One advantage of allograft corneal ring treatment is that it uses natural tissue instead of synthetic material, which can reduce the risk of complications such as infection, corneal melting or inflammation. Also, because allograft tissue is biologically compatible, the risk of rejection is low.
Another advantage of allograft corneal ring treatment is that it is reversible and adjustable. Unlike traditional corneal ring treatment, which requires removal of the plastic rings if the patient experiences problems or complications, allograft corneal ring treatment can be easily removed or adjusted as needed.
However, it is important to remember that any surgical procedure carries risks and potential complications. Patients considering allograft corneal ring treatment should discuss the potential risks and benefits with their ophthalmologist or eye surgeon. Also, not all patients with keratoconus may be suitable candidates for corneal ring treatment and other treatment options may be necessary.

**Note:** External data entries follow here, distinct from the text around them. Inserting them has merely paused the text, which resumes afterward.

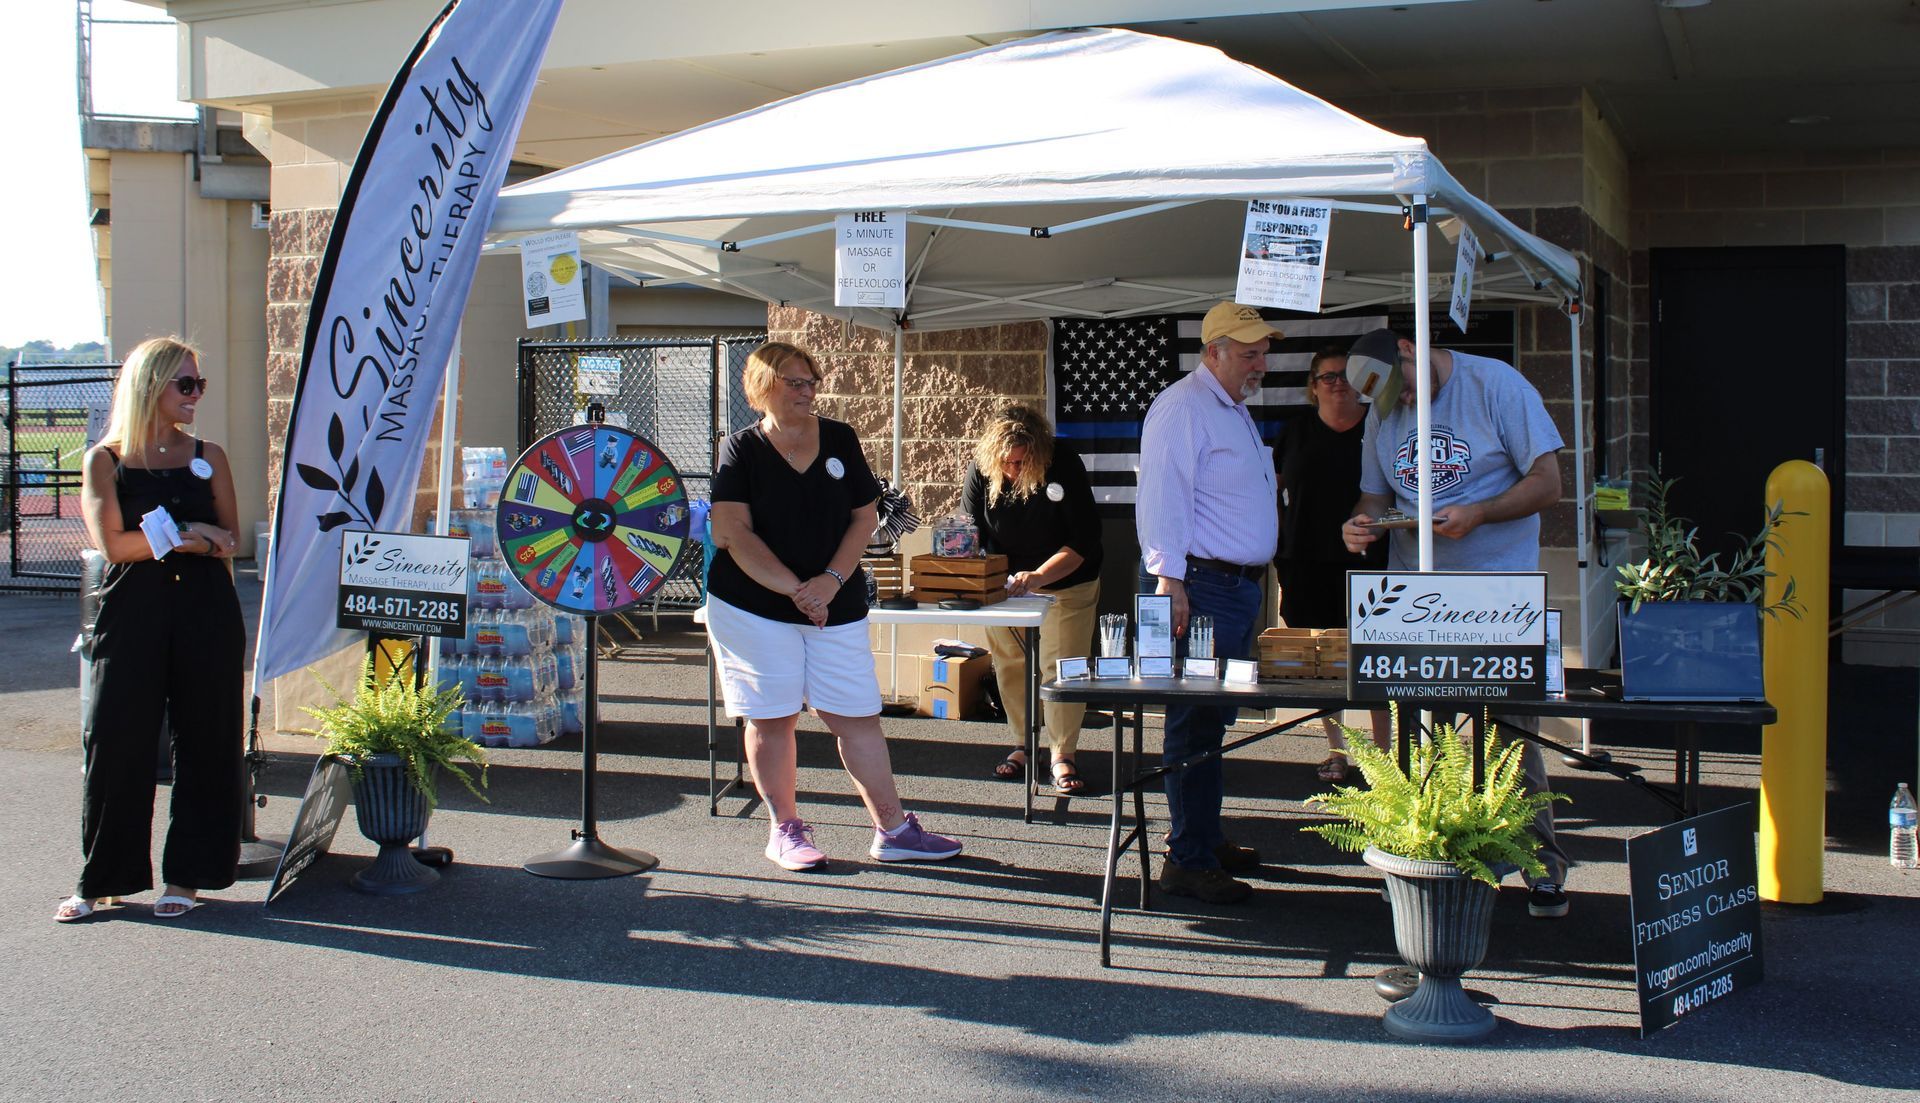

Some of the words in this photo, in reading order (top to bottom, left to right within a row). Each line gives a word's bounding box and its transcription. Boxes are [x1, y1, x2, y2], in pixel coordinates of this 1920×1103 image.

[854, 211, 887, 222] FREE
[1250, 199, 1270, 213] ARE
[1272, 204, 1290, 216] YOU
[1292, 206, 1298, 216] A
[1300, 206, 1328, 219] FIRST
[846, 228, 852, 238] 5
[856, 228, 894, 238] MINUTE
[1255, 220, 1318, 236] RESPONDER?
[329, 56, 494, 428] Sincerity
[847, 247, 893, 257] MASSAGE
[862, 262, 876, 272] OR
[1257, 269, 1278, 278] OFFER
[1279, 271, 1317, 282] DISCOUNTS
[838, 278, 903, 288] REFLEXOLOGY
[376, 294, 433, 441] MASSA
[660, 478, 674, 493] $25
[520, 547, 535, 562] $25
[375, 548, 467, 586] Sincerity
[348, 573, 389, 586] MASSAGE
[391, 576, 431, 590] THERAPY,
[432, 582, 447, 591] LLC
[540, 568, 552, 588] FREE
[344, 593, 459, 621] 484-671-2285
[1401, 592, 1543, 637] Sincerity
[361, 618, 442, 634] WWW.SINCERITYMT.COM
[1362, 628, 1424, 643] MASSAGE
[1428, 629, 1488, 645] THERAPY,
[1492, 632, 1513, 643] LLC
[1359, 654, 1534, 680] 484-671-2285
[1385, 686, 1508, 698] WWW.SINCERITYMT.COM
[1658, 858, 1730, 901] SENIOR
[1636, 905, 1701, 946] FITNESS
[1706, 884, 1757, 917] CLASS
[1646, 932, 1752, 990] Vagaro.com/Sincerity
[1672, 972, 1734, 1017] 484-671-2285
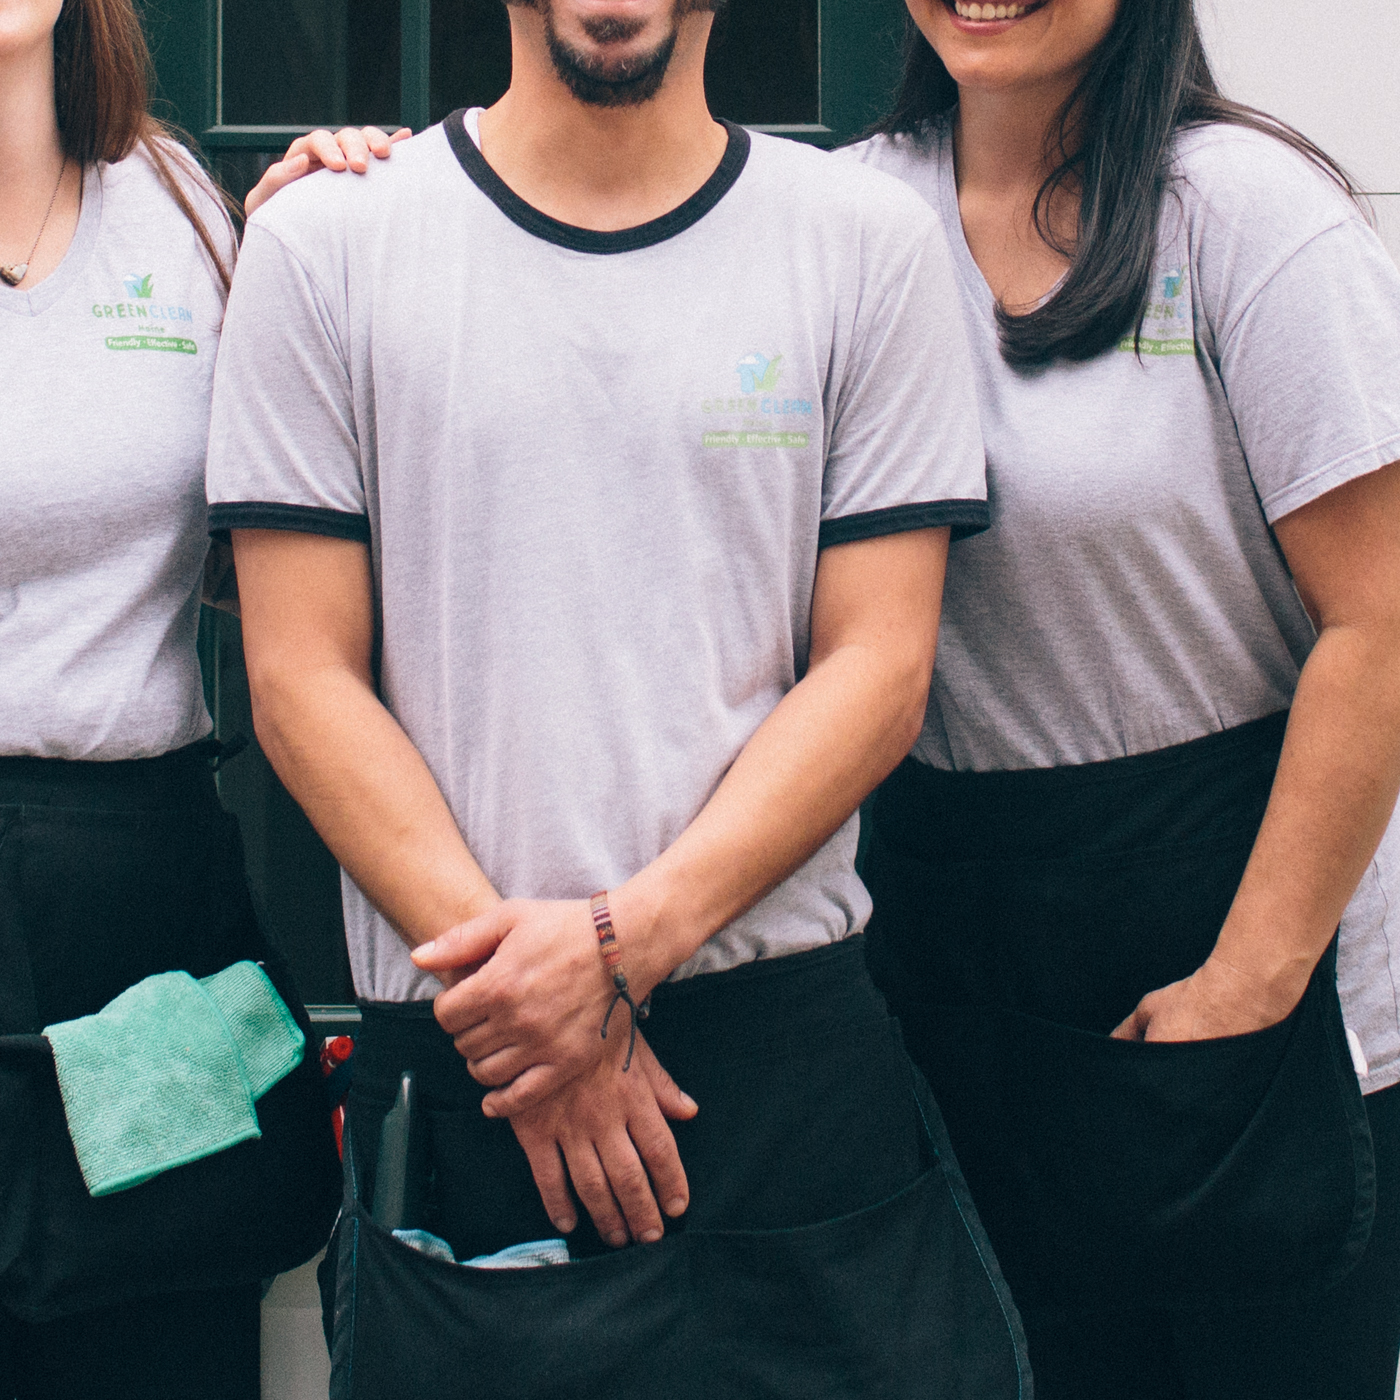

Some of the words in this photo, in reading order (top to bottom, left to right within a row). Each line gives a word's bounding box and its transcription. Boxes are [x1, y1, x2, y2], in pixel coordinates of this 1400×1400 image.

[92, 303, 148, 318] GREEN
[149, 304, 193, 323] CLEAN
[107, 338, 142, 348] Friendly
[701, 398, 758, 414] GREEN
[761, 398, 813, 415] CLEAN
[704, 434, 739, 444] Friendly
[746, 433, 782, 444] Effective
[787, 435, 806, 444] Safe

Frequently Asked Questions
Although the exact cause of this disease is unknown, it can be said that genetic inheritance, ultraviolet radiation, hard lens use, environmental factors, eye trauma such as allergic eye itching are effective in the development of keratoconus. According to the latest information of today’s modern medicine. For this reason, it is of great importance for the early diagnosis and treatment of the disease to perform routine eye examinations while performing detailed examinations such as corneal topography in children with a family history of keratoconus.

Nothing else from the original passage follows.